Decision Date14 August 2001
Docket NumberNo. 00-3134-CR.,00-3134-CR.
Citation2001 WI App 212,635 N.W.2d 201,247 Wis.2d 682
PartiesSTATE of Wisconsin, Plaintiff-Respondent, v. John TOMLINSON, Jr., Defendant-Appellant.
CourtWisconsin Court of Appeals

On behalf of the defendant-appellant, the cause was submitted on the briefs of Grau Law Office by John J. Grau, Waukesha.

On behalf of the plaintiff-respondent, the cause was submitted on the brief of James E. Doyle, attorney general, and Christian R. Larsen, assistant attorney general.

Before Wedemeyer, P.J., Fine and Schudson, JJ.

¶ 1. WEDEMEYER, P.J.

John Tomlinson, Jr. appeals from a judgment entered after a jury found him guilty of first-degree re ckless homicide, contrary to WIS. STAT. §§ 940.02(1), 939.05 and 939.63 (1999-2000).2 He also appeals from an order denying his postconviction motions. He raises three issues: (1) whether the trial court erred when it denied Tomlinson's motion seeking to suppress evidence; (2) whether the trial court erred when it allowed the State to introduce Otis Coleman's preliminary hearing testimony after Coleman asserted the Fifth Amendment during the trial; and (3) whether the trial court erred in instructing the jury that a baseball bat constitutes a dangerous weapon. Because the trial court's ruling on the suppression motion was not erroneous, because Coleman's preliminary hearing testimony was not erroneously admitted, and because the instructional error did not prejudice Tomlinson, we affirm.

I. BACKGROUND

¶ 2. At approximately midnight on February 5, 1999, Otis Coleman and Lewis Phillips were walking near the 1100 block of West Chambers Street in the City of Milwaukee. Tomlinson, his wife, and a third individual approached the pair and Phillips asked Mrs. Tomlinson for a cigarette. He offered to pay a quarter. Mrs. Tomlinson stated that she would sell one for fifty cents. Phillips responded, "a quarter, bitch." At that point, Tomlinson confronted Phillips for calling his wife a bitch. Tomlinson then told Phillips, "[y]ou better be here when I get back," and walked away. A couple of minutes later, Tomlinson returned wielding a baseball bat. Tomlinson swung the bat and hit Phillips in the left knee, causing him to bend forward. Tomlinson then swung the bat and struck Phillips in the left side of the head, causing him to fall to the ground. Coleman, fearing that the bat would be turned on him, left the area.

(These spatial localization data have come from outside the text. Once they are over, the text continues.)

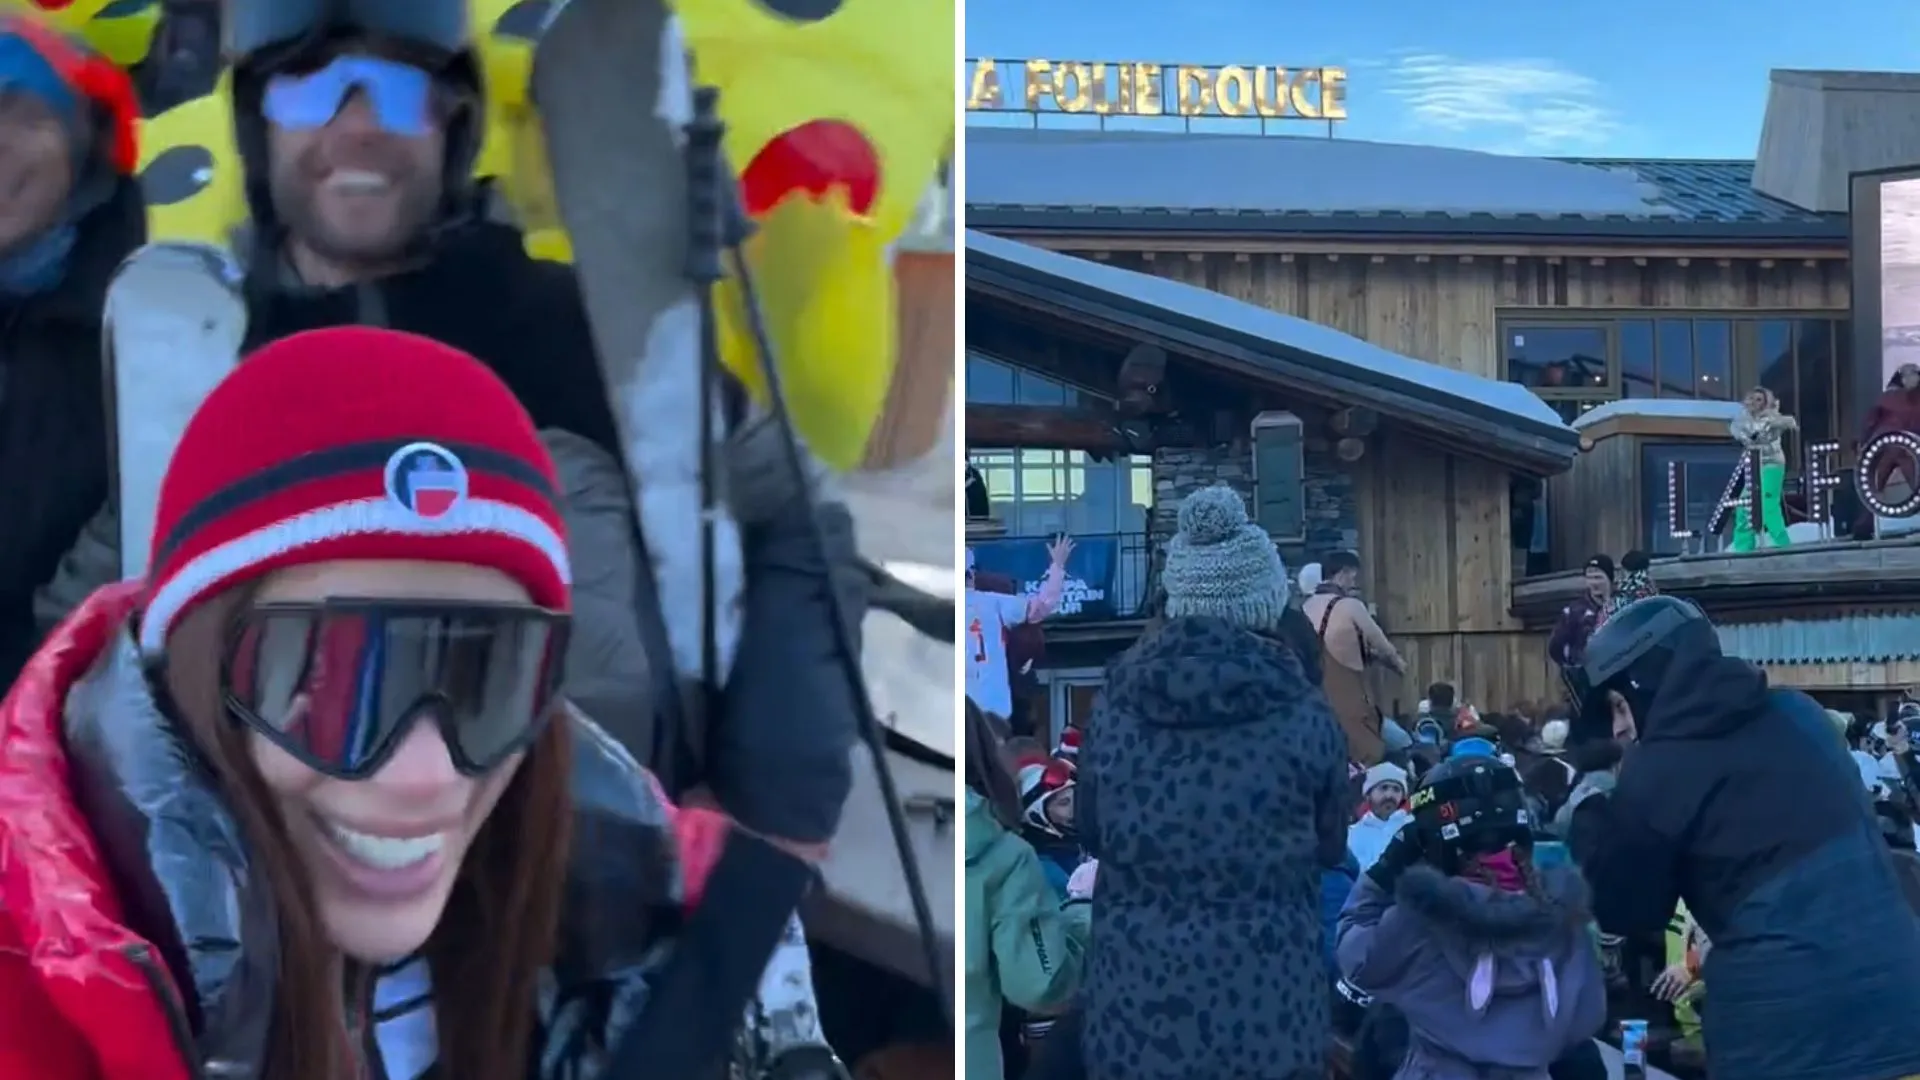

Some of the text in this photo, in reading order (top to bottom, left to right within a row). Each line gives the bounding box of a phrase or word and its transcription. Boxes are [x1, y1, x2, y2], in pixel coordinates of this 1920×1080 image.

[1024, 59, 1164, 116] FOLIE
[1178, 64, 1348, 120] DOUCE
[1668, 449, 1763, 540] LA
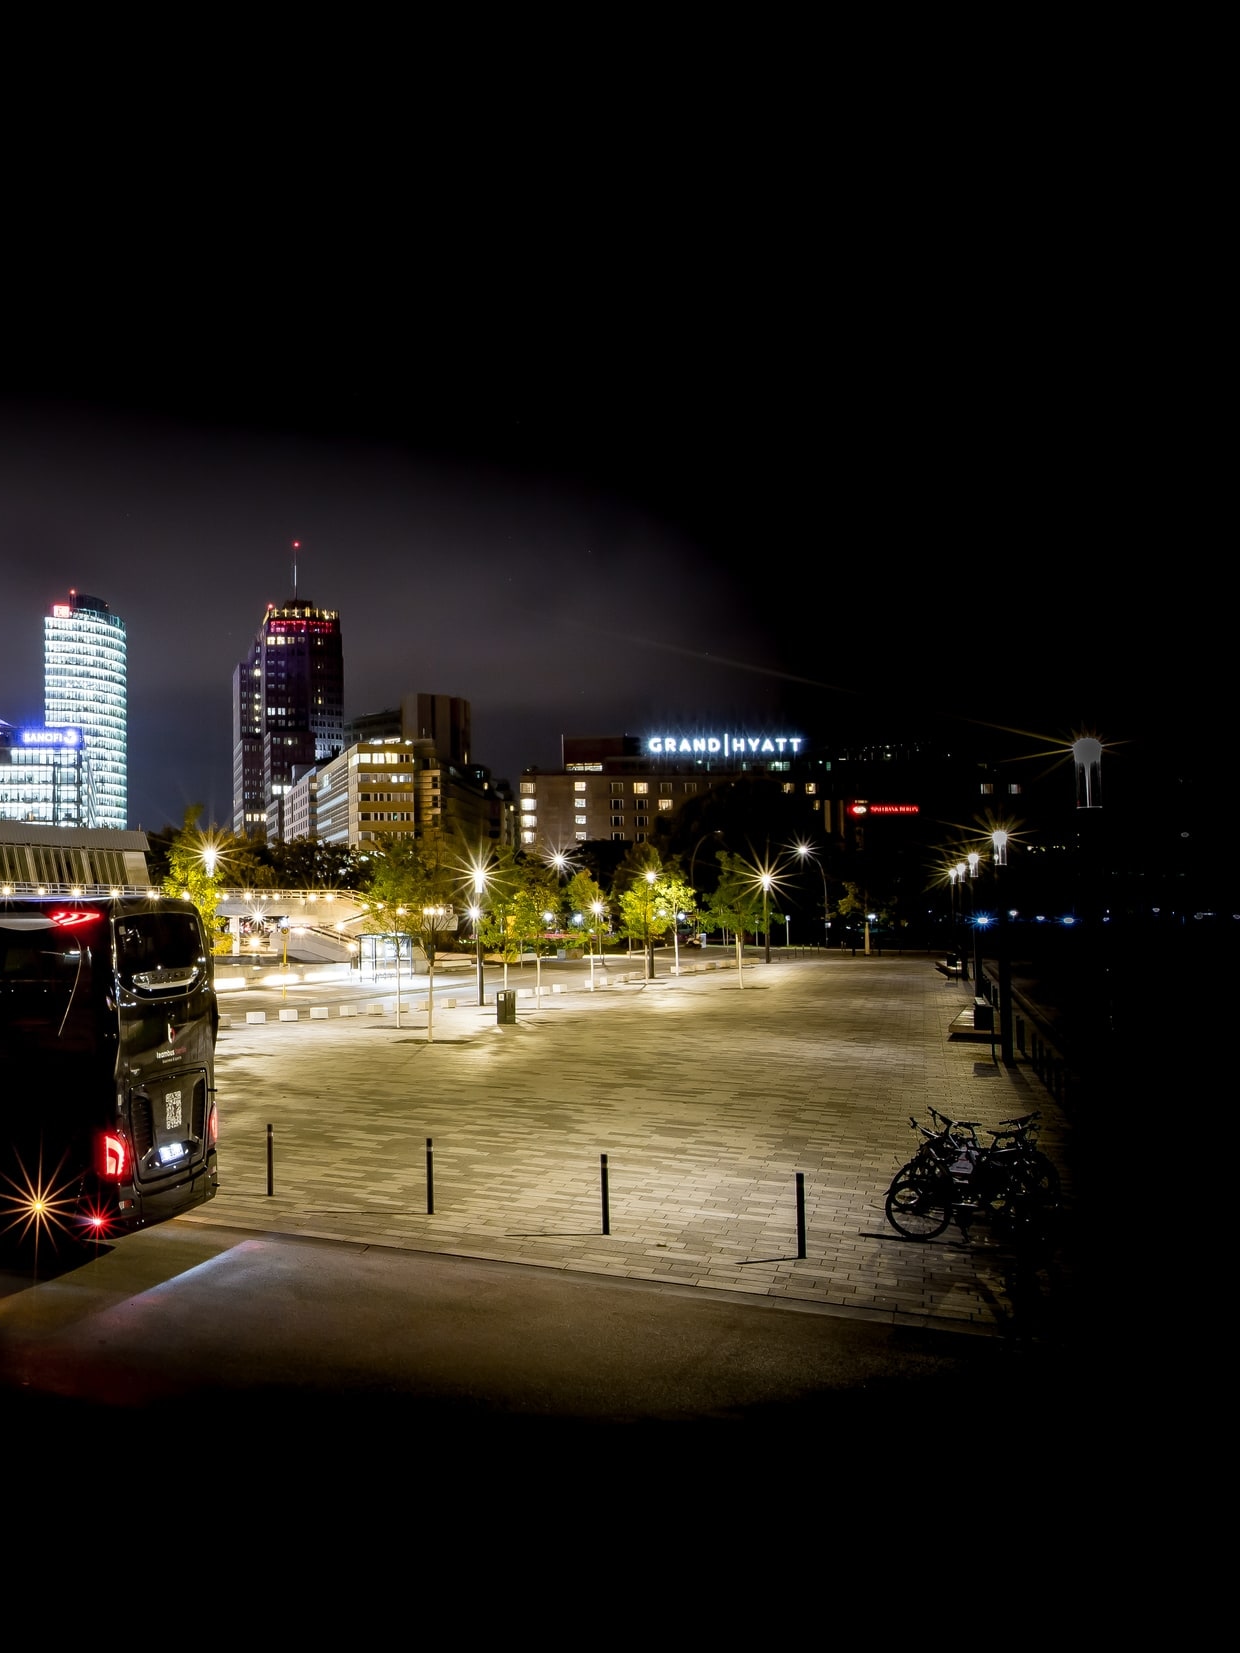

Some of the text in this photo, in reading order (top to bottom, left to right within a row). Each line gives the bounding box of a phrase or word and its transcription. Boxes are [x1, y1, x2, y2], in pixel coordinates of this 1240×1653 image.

[24, 733, 63, 743] SANOFI
[648, 737, 802, 752] GRAND HYATT

¶ 3. Angela Green was walking westbound in the 1100 block of West Chambers Street in the early morning hours of February 6, 1999, when she heard a woman yell, "kick the bitch in the head." She recognized this woman as Mrs. Tomlinson. Shortly thereafter, she saw Mr. Tomlinson walking toward her carrying a baseball bat. His two teenage daughters, who were carrying broom and mop handles, were with him. After Green passed the Tomlinson family, she came upon Phillips who was bleeding from the head. Green pointed out the victim to Robert Haynes, who lived close to that area. Haynes went into his home and called 9-1-1.

¶ 4. Paramedics and police arrived at the scene and Phillips was transported to Froedert Memorial Hospital, where he died several days later from cerebral injuries due to blunt force trauma. The medical examiner indicated that Phillips's skull was fractured, consistent with a forceful blow to the head with a baseball bat.

¶ 5. On the evening of February 27, 1999, Milwaukee Police Detective Dennis Kuchenreuther and several of his colleagues were investigating the Phillips homicide. They spoke with Green, who provided a description of the Tomlinsons and the events she had witnessed. Green identified John Tomlinson from a photo array, and informed the detective that Tomlinson, his wife, and two teenage daughters lived at 2948 North 11th Street. Kuchenreuther and several other officers proceeded to the Tomlinson residence. Kuchenreuther knocked on the back door and identified himself as a police detective. He asked if they could come in to look for John Tomlinson. A black female aged fifteen or sixteen opened the door and allowed the officers to enter. John Tomlinson was standing behind the teenage girl, and did not object when the officers entered.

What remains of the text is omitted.